#### Work item:
Could you please write out each line of the records exactly, minus the pictures?

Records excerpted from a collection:

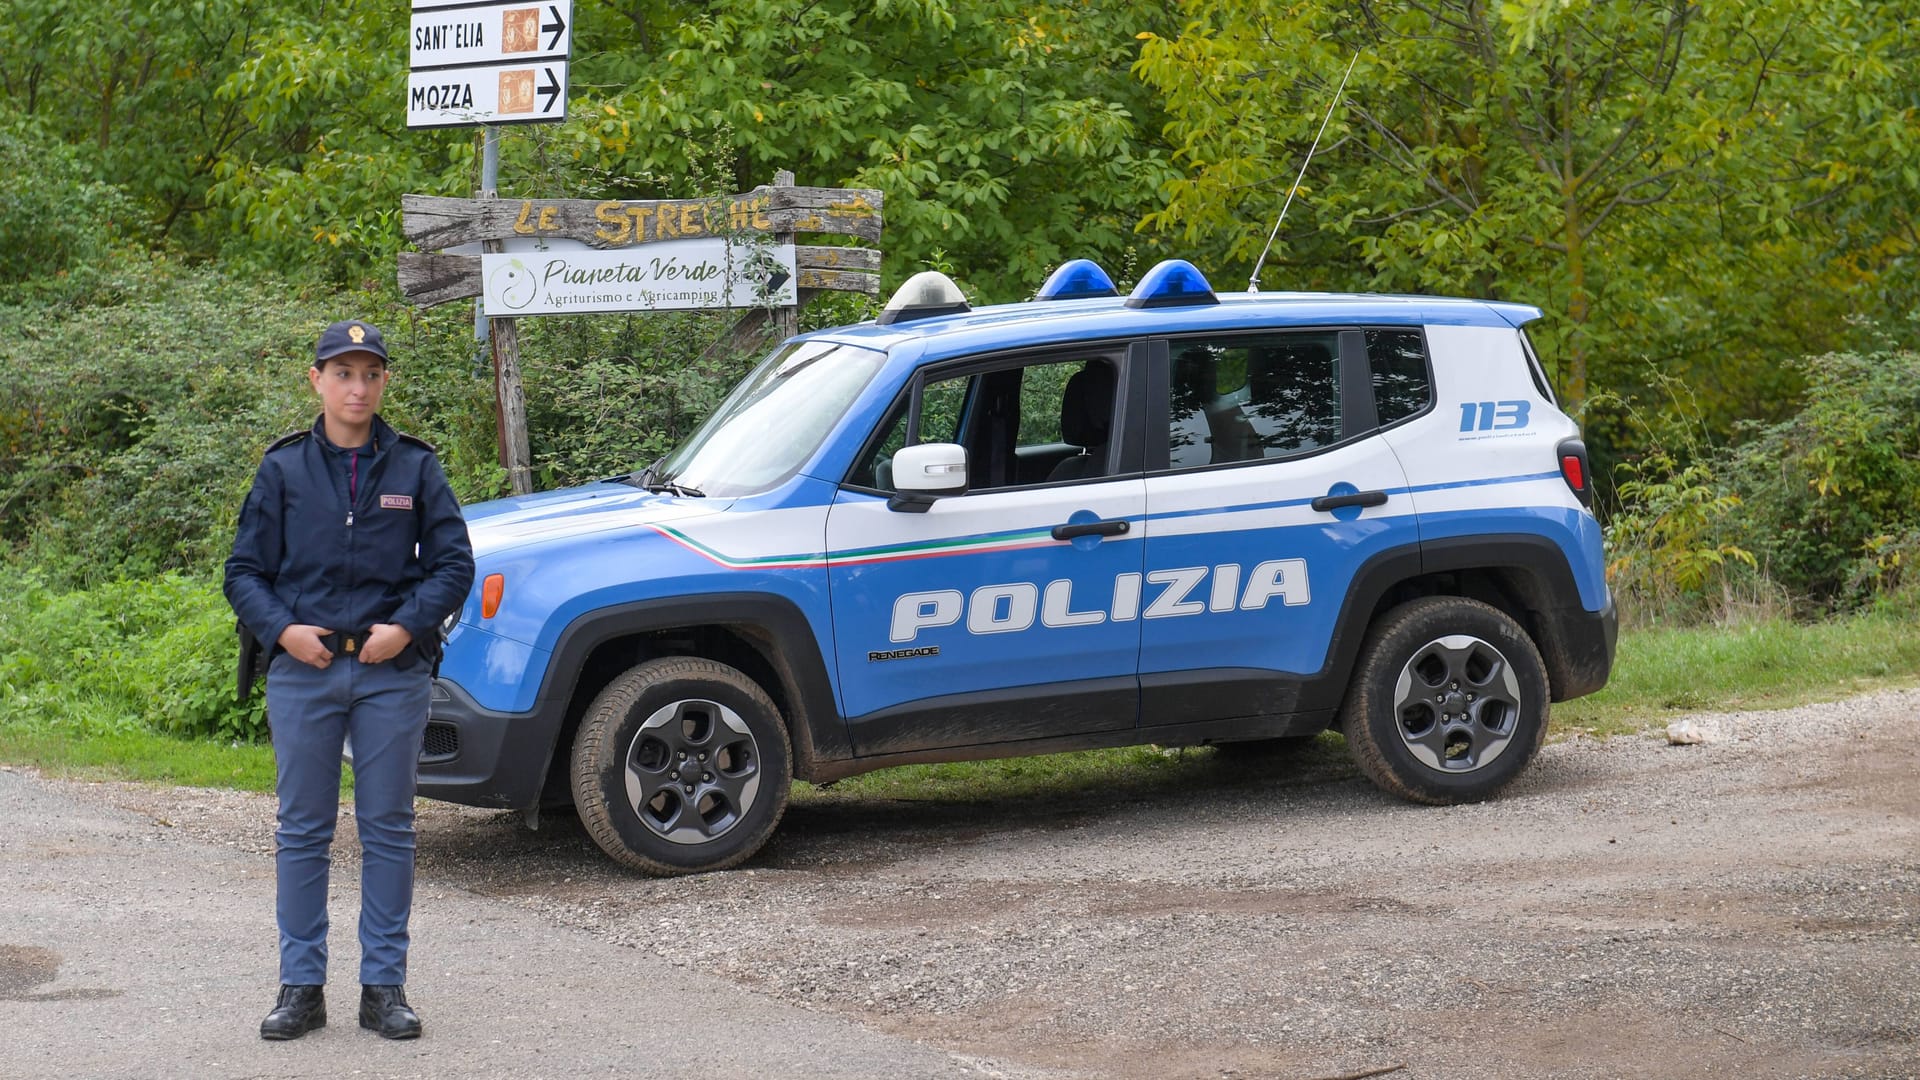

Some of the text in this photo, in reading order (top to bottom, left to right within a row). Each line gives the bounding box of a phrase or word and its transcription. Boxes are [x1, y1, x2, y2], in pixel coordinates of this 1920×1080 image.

[416, 23, 483, 50] SANT'ELIA
[412, 84, 473, 111] MOZZA
[513, 202, 560, 234] LE
[543, 256, 726, 287] Pianeta Verde
[544, 291, 623, 308] Agriturismo
[638, 288, 718, 305] Agricamping
[1460, 400, 1531, 432] 113
[383, 498, 410, 506] POLIZIA
[889, 558, 1311, 643] POLIZIA
[868, 646, 939, 662] RENEGADE
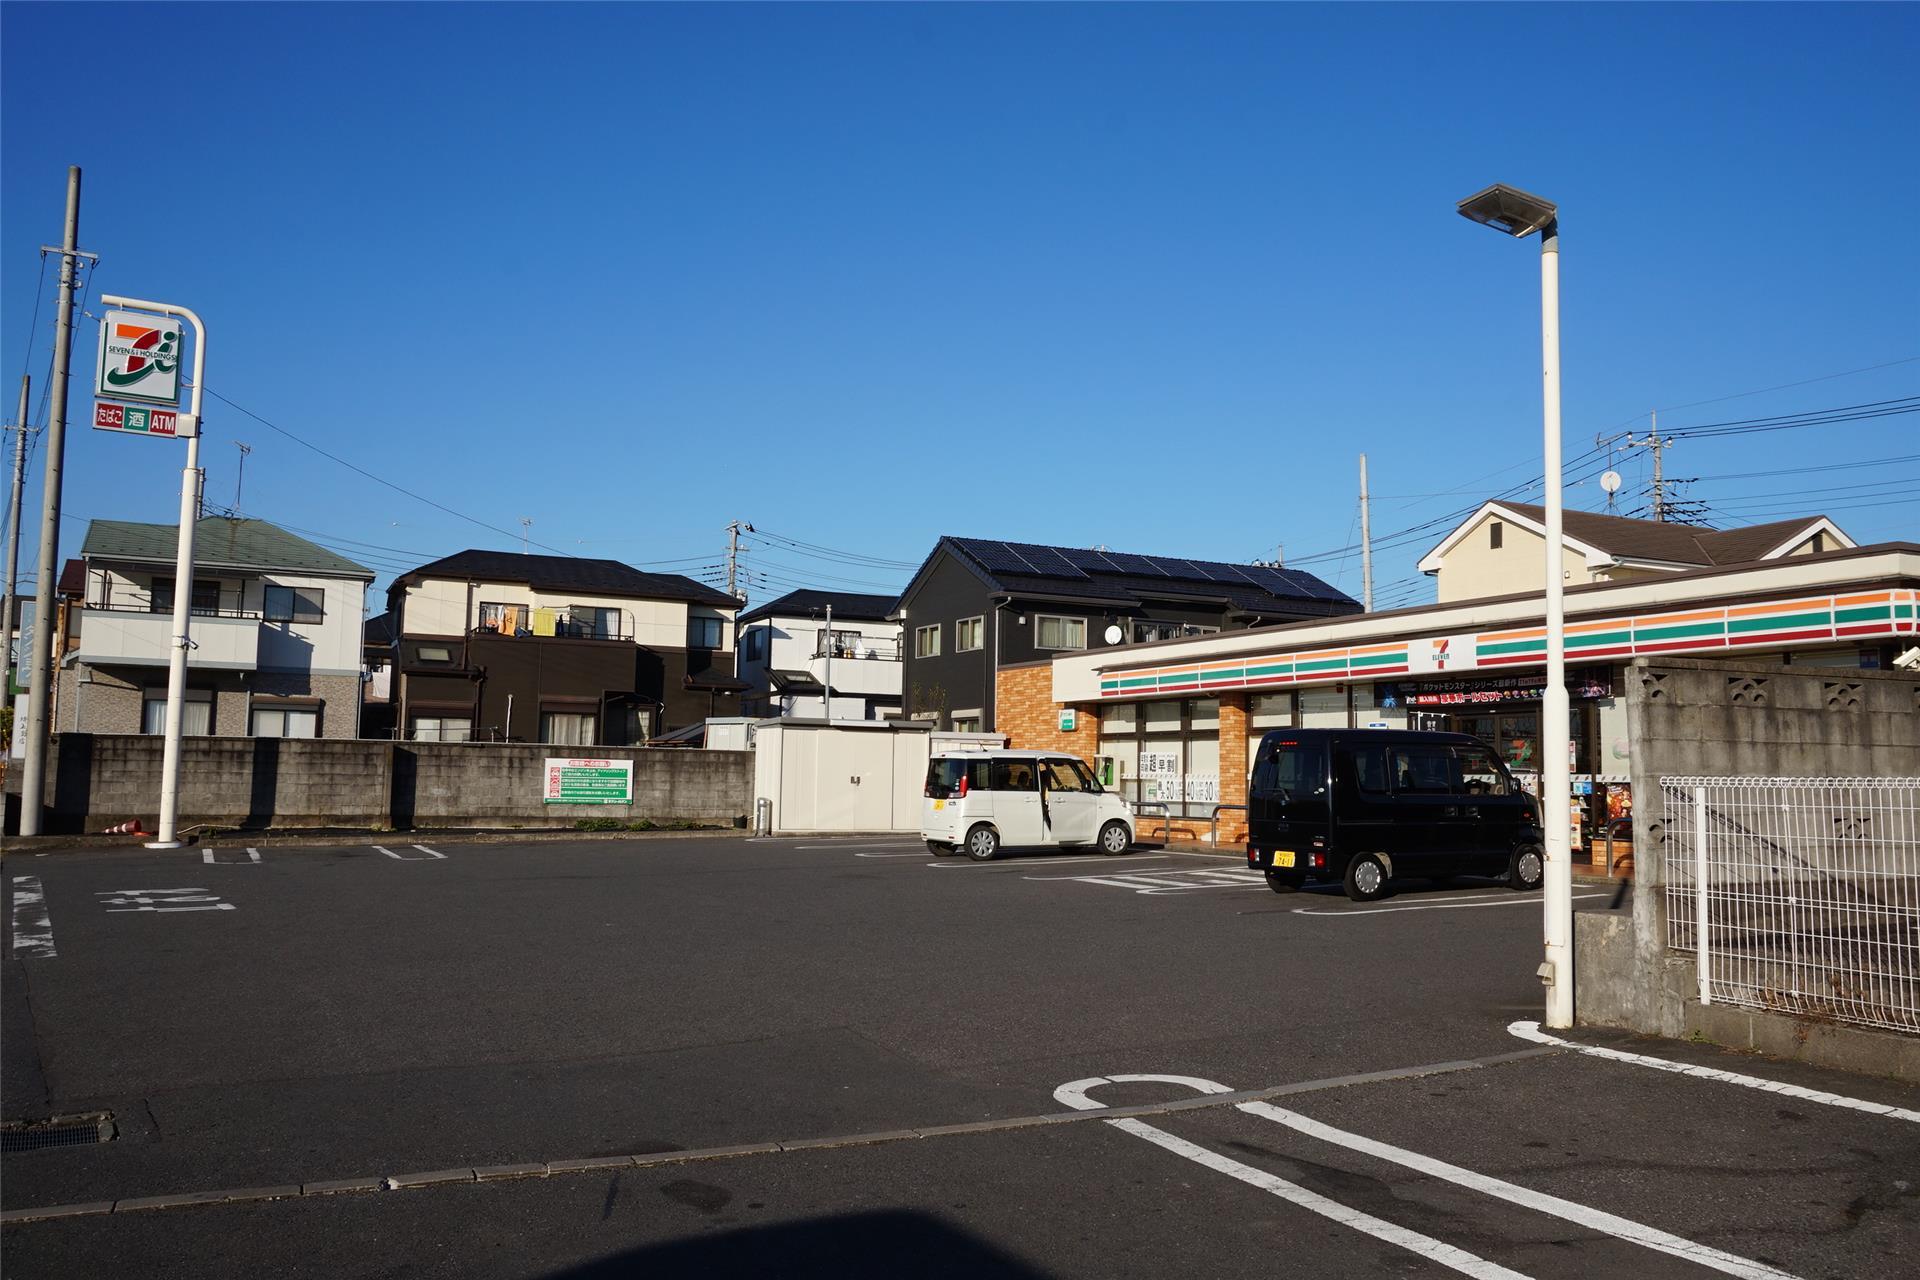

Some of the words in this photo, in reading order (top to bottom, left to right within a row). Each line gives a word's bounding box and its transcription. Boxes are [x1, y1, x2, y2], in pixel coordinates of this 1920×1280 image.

#### Answer to this exercise:
Some of the text in this photo, in reading order (top to bottom, left to right within a row). Each line gives the bounding box of a phrase or word and its transcription. Boxes are [x1, y1, x2, y2], in pixel coordinates of this 1920×1080 image.

[416, 23, 483, 50] SANT'ELIA
[412, 84, 473, 111] MOZZA
[513, 202, 560, 234] LE
[543, 256, 726, 287] Pianeta Verde
[544, 291, 623, 308] Agriturismo
[638, 288, 718, 305] Agricamping
[1460, 400, 1531, 432] 113
[383, 498, 410, 506] POLIZIA
[889, 558, 1311, 643] POLIZIA
[868, 646, 939, 662] RENEGADE

Some of the words in this photo, in reading order (top to bottom, left to right within a row). Each line gives a word's bounding box and its transcription. Boxes are [x1, y1, x2, y2], in pixel coordinates of this 1920×1280 image.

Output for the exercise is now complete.